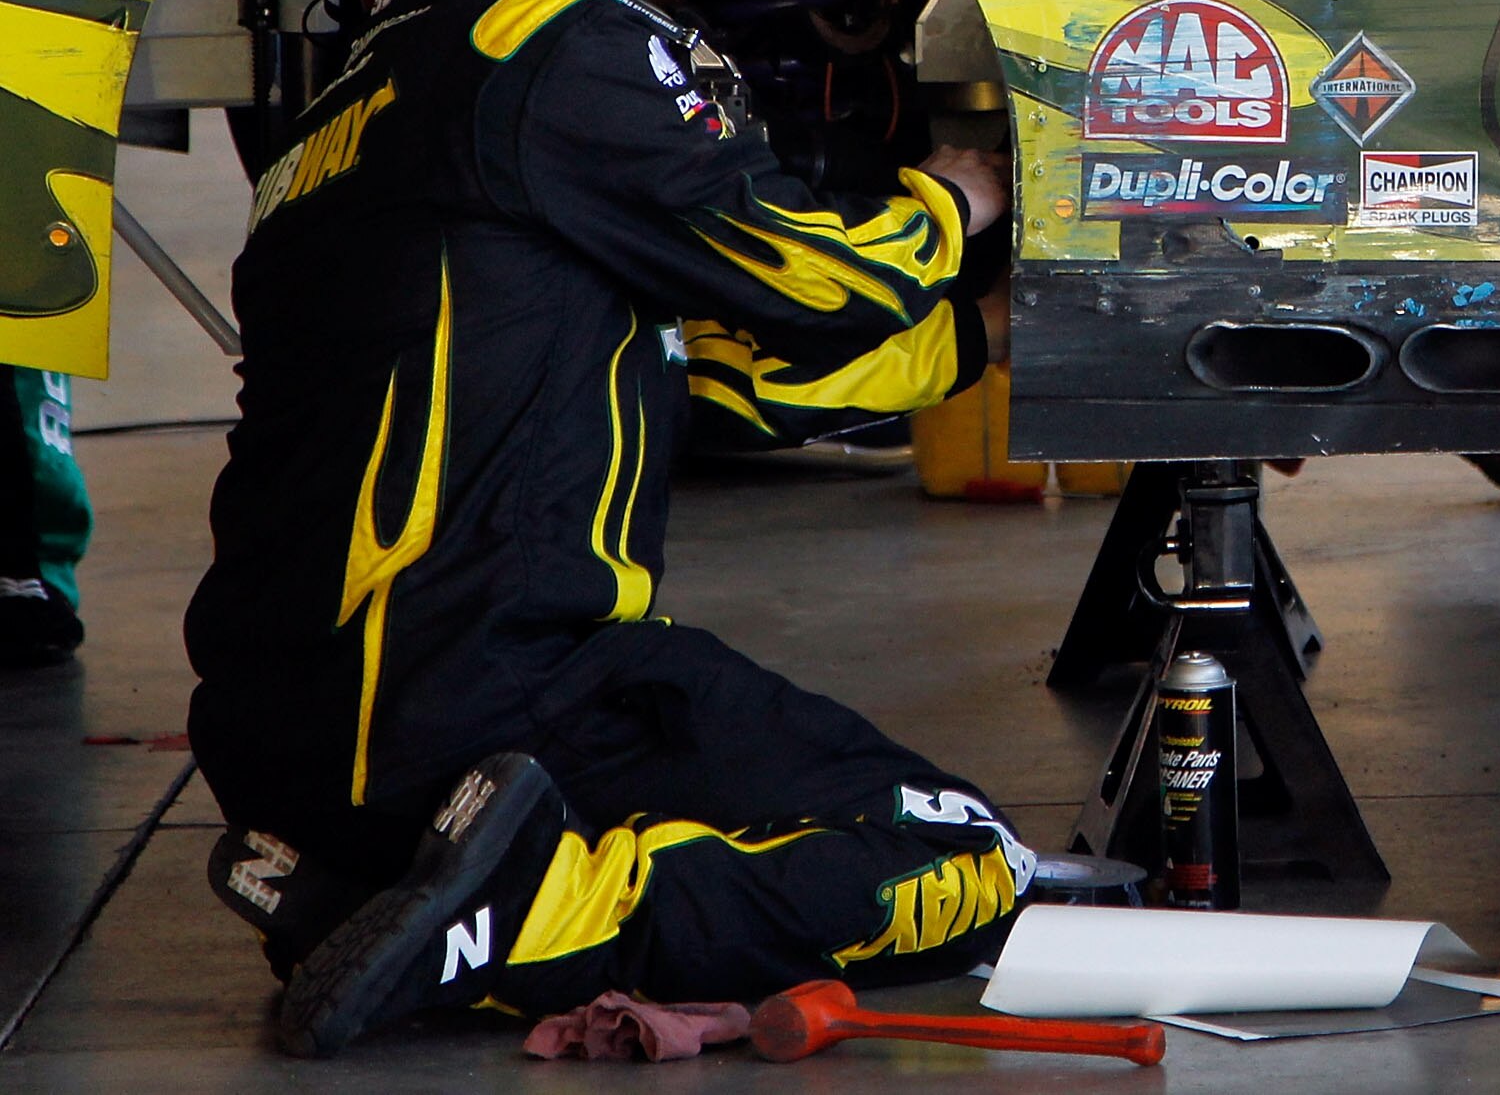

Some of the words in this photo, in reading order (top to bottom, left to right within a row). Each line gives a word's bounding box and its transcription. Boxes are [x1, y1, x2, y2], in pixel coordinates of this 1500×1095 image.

[1101, 11, 1274, 99] MAC
[1321, 78, 1403, 94] INTERNATIONAL
[1107, 99, 1272, 128] TOOLS
[1370, 170, 1468, 193] CHAMPION
[1421, 209, 1471, 224] PLUGS
[1181, 748, 1222, 768] Parts
[1160, 768, 1215, 789] EANER
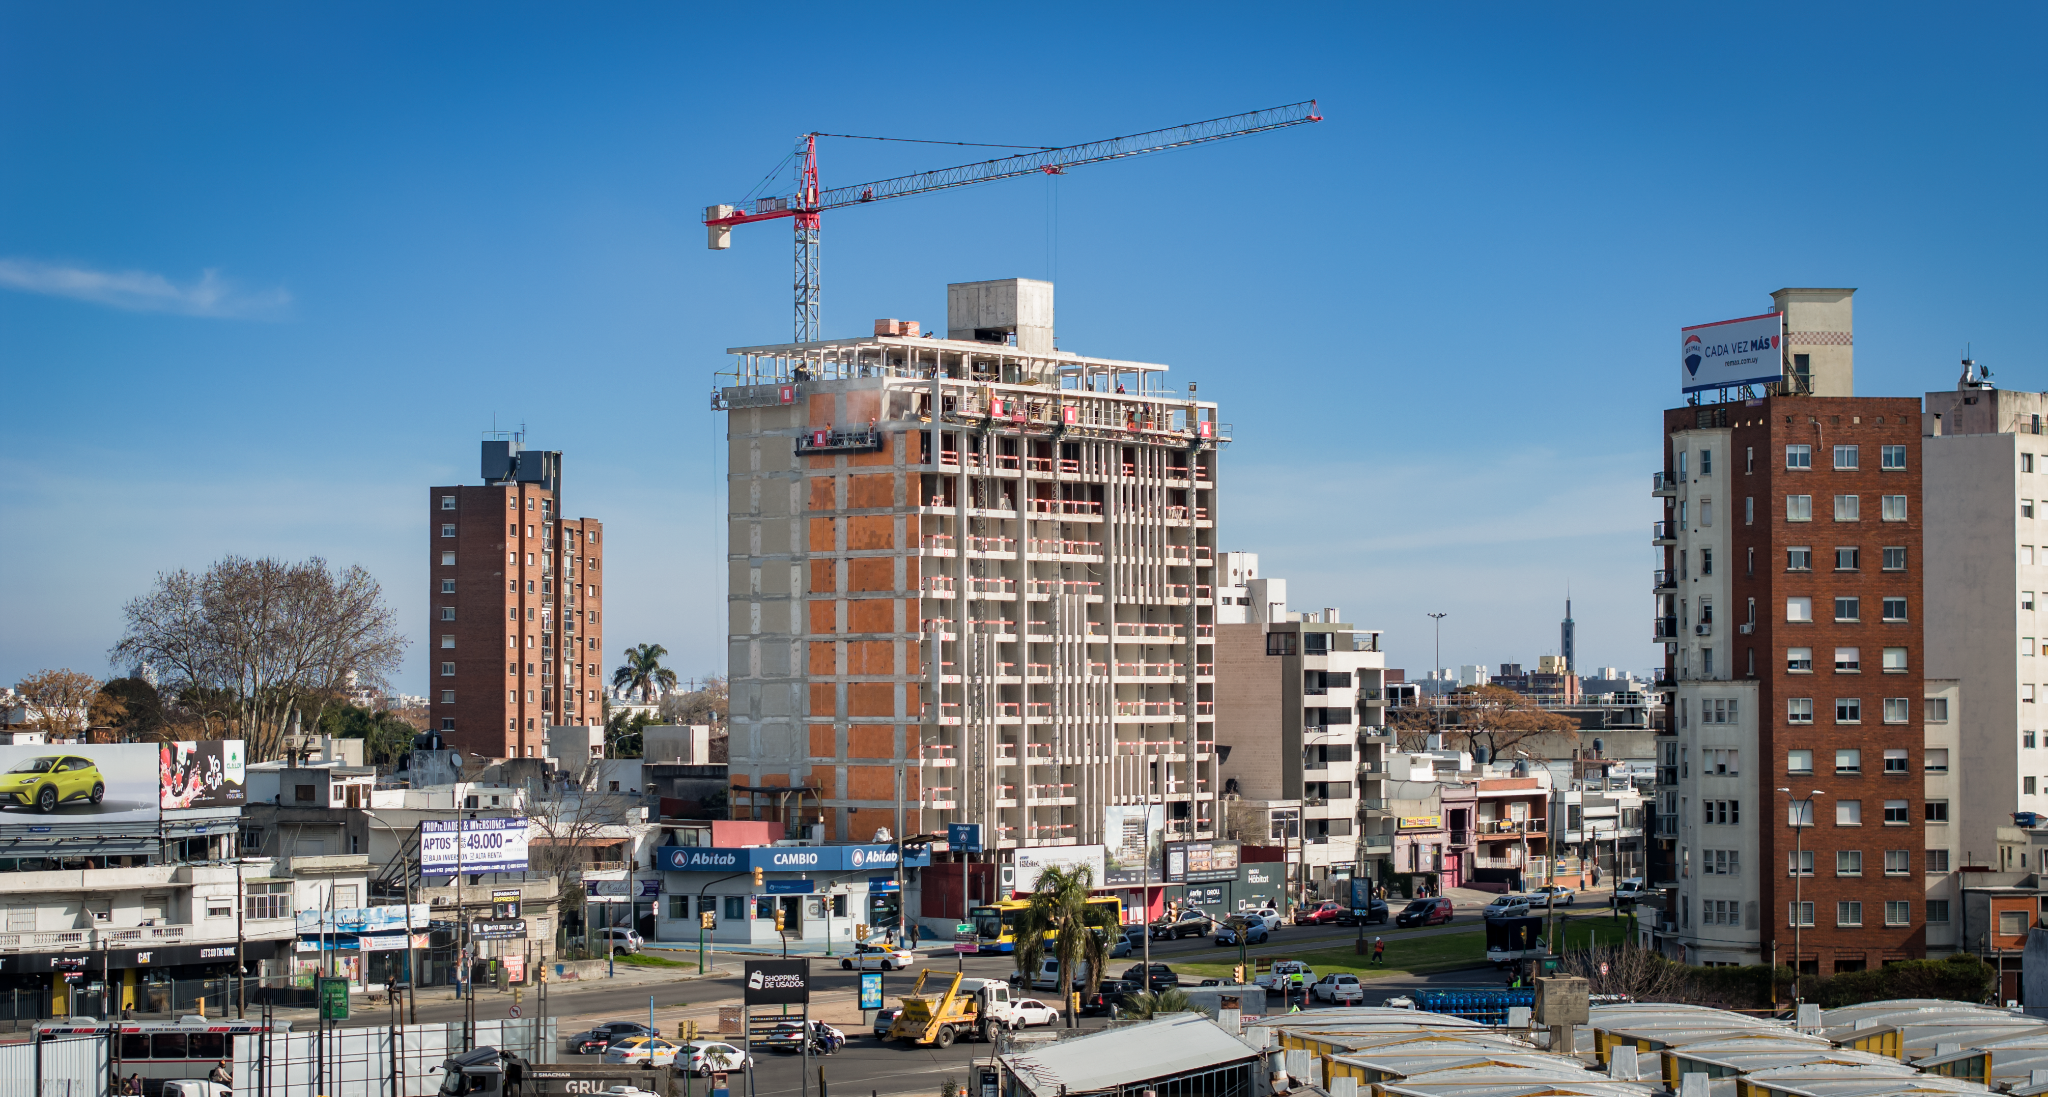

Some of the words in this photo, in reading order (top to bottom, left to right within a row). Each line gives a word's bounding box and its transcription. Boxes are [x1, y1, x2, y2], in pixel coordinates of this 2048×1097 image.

[1705, 344, 1729, 358] CADA
[1731, 341, 1748, 354] VEZ
[1750, 335, 1770, 351] MÁS
[1724, 357, 1758, 367] remax.com.uy
[422, 821, 462, 831] PROPIEDADE
[463, 821, 469, 830] &
[470, 819, 506, 830] INVERSIONES
[423, 837, 451, 851] APTOS
[467, 833, 503, 849] 49.000
[428, 854, 441, 862] BAJA
[690, 852, 736, 865] Abitab
[773, 853, 818, 865] CAMBIO
[865, 850, 898, 863] Abitab
[137, 952, 151, 964] CAT
[764, 974, 800, 982] SHOPPING
[775, 980, 805, 988] USADOS

### Exercise objective
Restate each entry word for word, leaving out any pictures.

### Task output
Some of the words in this photo, in reading order (top to bottom, left to right within a row). Each line gives a word's bounding box and its transcription. Boxes are [x1, y1, x2, y2], in pixel coordinates of this 1500×1095 image.

[1101, 11, 1274, 99] MAC
[1321, 78, 1403, 94] INTERNATIONAL
[1107, 99, 1272, 128] TOOLS
[1370, 170, 1468, 193] CHAMPION
[1421, 209, 1471, 224] PLUGS
[1181, 748, 1222, 768] Parts
[1160, 768, 1215, 789] EANER

Some of the words in this photo, in reading order (top to bottom, left to right within a row). Each line gives a word's bounding box and its transcription. Boxes are [x1, y1, x2, y2], in pixel coordinates of this 2048×1097 image.

[1705, 344, 1729, 358] CADA
[1731, 341, 1748, 354] VEZ
[1750, 335, 1770, 351] MÁS
[1724, 357, 1758, 367] remax.com.uy
[422, 821, 462, 831] PROPIEDADE
[463, 821, 469, 830] &
[470, 819, 506, 830] INVERSIONES
[423, 837, 451, 851] APTOS
[467, 833, 503, 849] 49.000
[428, 854, 441, 862] BAJA
[690, 852, 736, 865] Abitab
[773, 853, 818, 865] CAMBIO
[865, 850, 898, 863] Abitab
[137, 952, 151, 964] CAT
[764, 974, 800, 982] SHOPPING
[775, 980, 805, 988] USADOS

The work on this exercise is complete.